### [Your task]
The records underneath are to be repeated exactly, with the pictures left out.
-- Dataset excerpts follows --
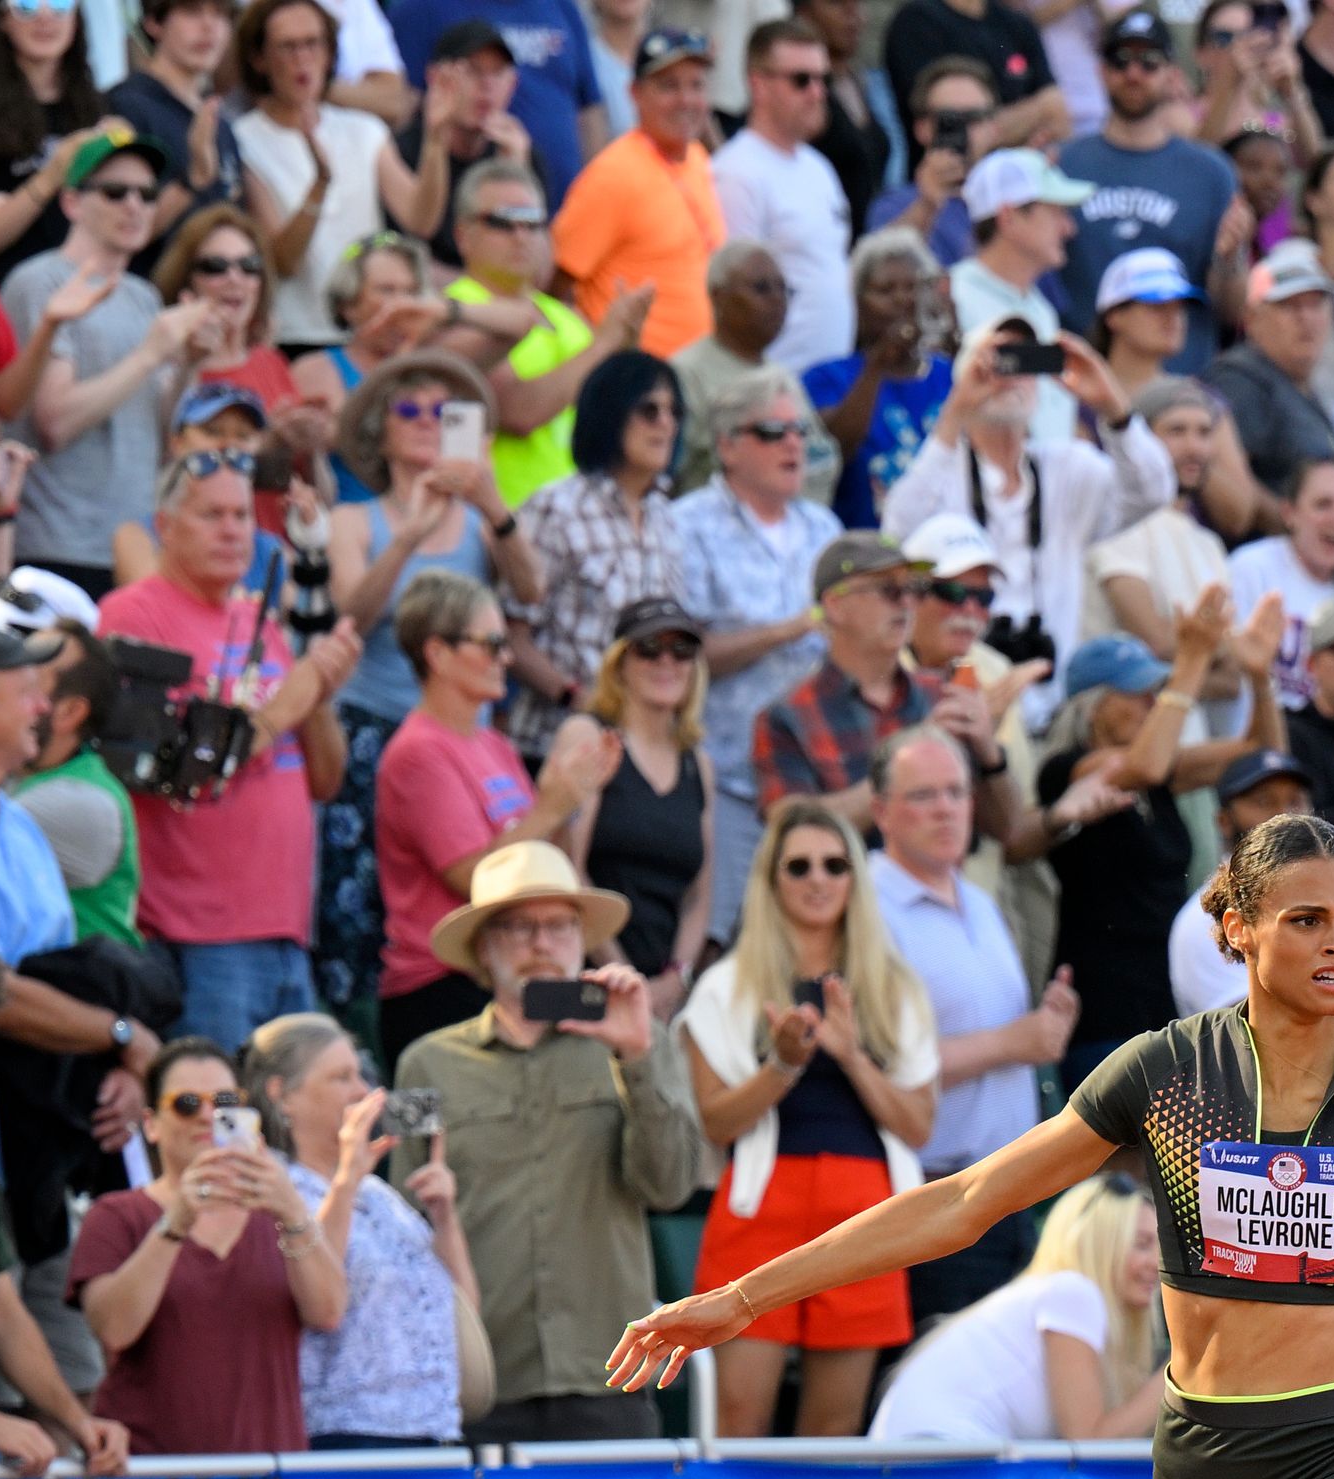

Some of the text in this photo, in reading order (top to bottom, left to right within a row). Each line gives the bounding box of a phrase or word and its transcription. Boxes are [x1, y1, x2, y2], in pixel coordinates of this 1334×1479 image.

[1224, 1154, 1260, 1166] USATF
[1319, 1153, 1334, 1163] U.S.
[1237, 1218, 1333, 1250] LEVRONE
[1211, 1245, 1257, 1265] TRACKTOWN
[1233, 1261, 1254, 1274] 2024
-- Dataset excerpts concluded --
### [Solution below]
Some of the text in this photo, in reading order (top to bottom, left to right within a row). Each line gives the bounding box of a phrase or word and its transcription. Boxes are [x1, y1, x2, y2], in pixel coordinates of this 1334×1479 image.

[1224, 1154, 1260, 1166] USATF
[1319, 1153, 1334, 1163] U.S.
[1237, 1218, 1333, 1250] LEVRONE
[1211, 1245, 1257, 1265] TRACKTOWN
[1233, 1261, 1254, 1274] 2024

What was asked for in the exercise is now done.